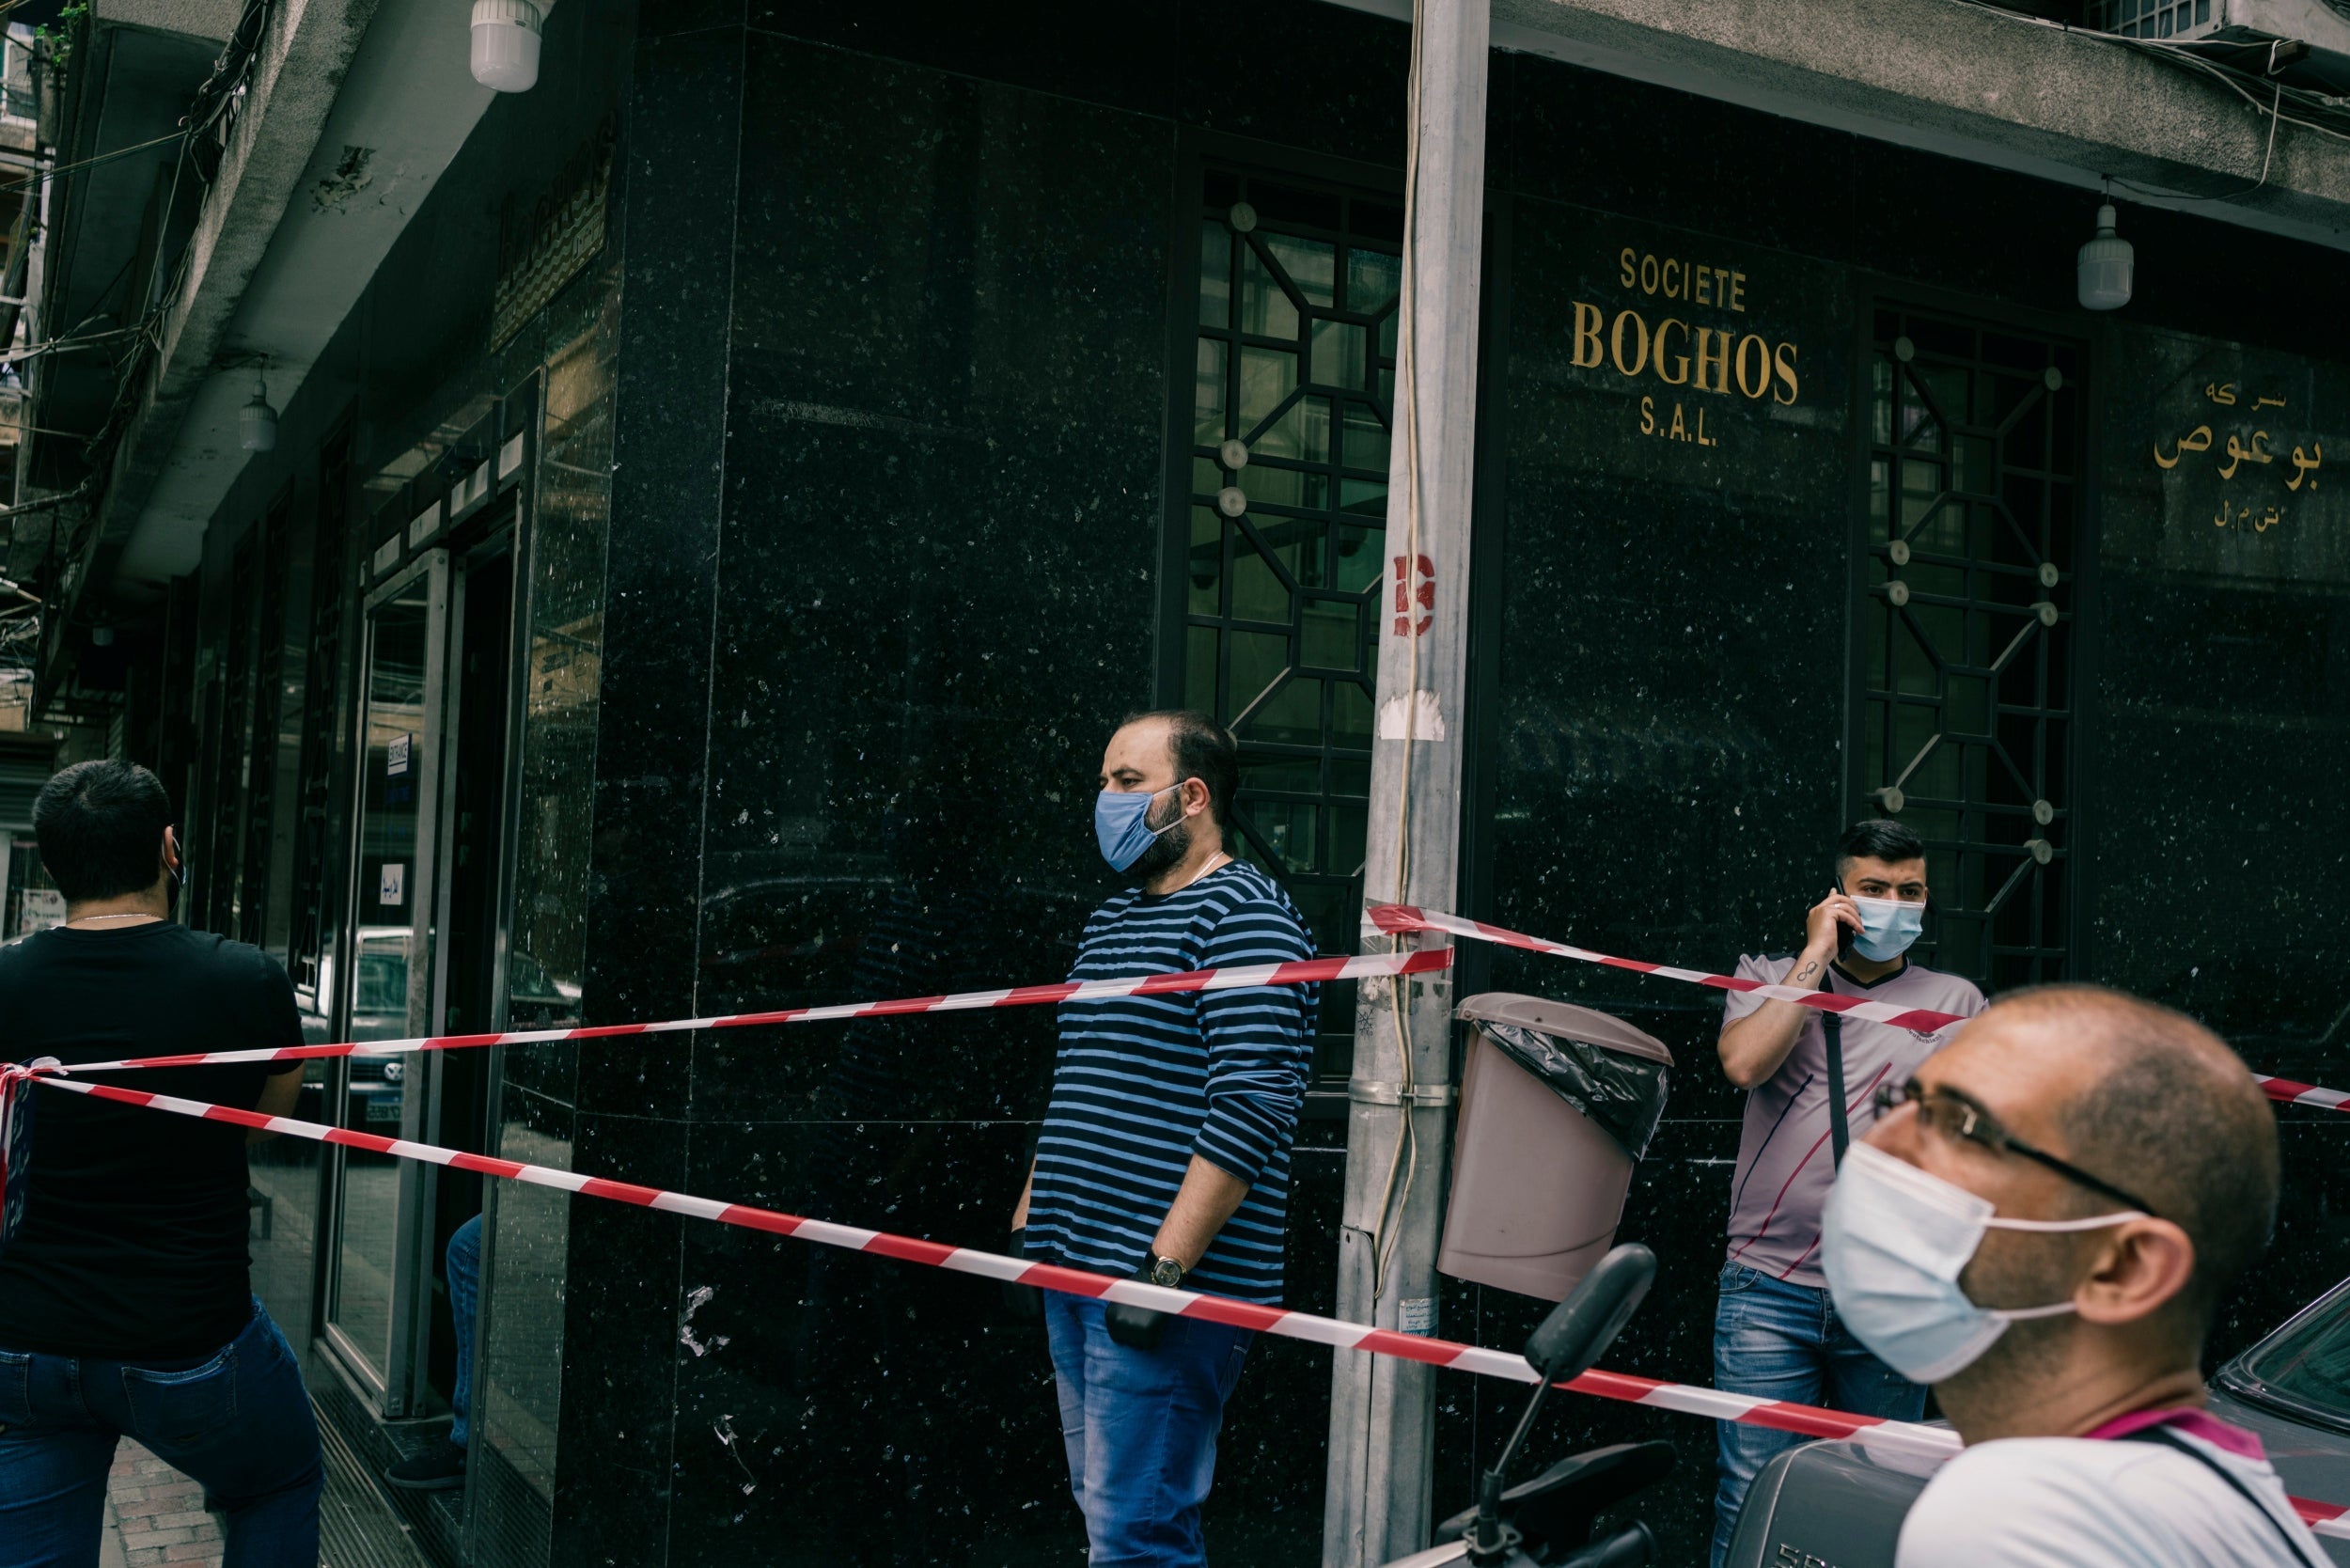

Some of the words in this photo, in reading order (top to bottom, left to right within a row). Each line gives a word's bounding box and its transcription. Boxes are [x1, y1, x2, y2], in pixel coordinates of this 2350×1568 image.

[1620, 247, 1746, 312] SOCIETE
[1569, 301, 1798, 405] BOGHOS
[1640, 396, 1716, 447] S.A.L.
[389, 741, 407, 762] ENTRANCE
....................
• Exercise goal:
Retype everything in the material word for word, minus pictures.

• Exercise output:
Some of the words in this photo, in reading order (top to bottom, left to right within a row). Each line gives a word's bounding box and its transcription. Boxes are [x1, y1, x2, y2], in pixel coordinates of this 2350×1568 image.

[1620, 247, 1746, 312] SOCIETE
[1569, 301, 1798, 405] BOGHOS
[1640, 396, 1716, 447] S.A.L.
[389, 741, 407, 762] ENTRANCE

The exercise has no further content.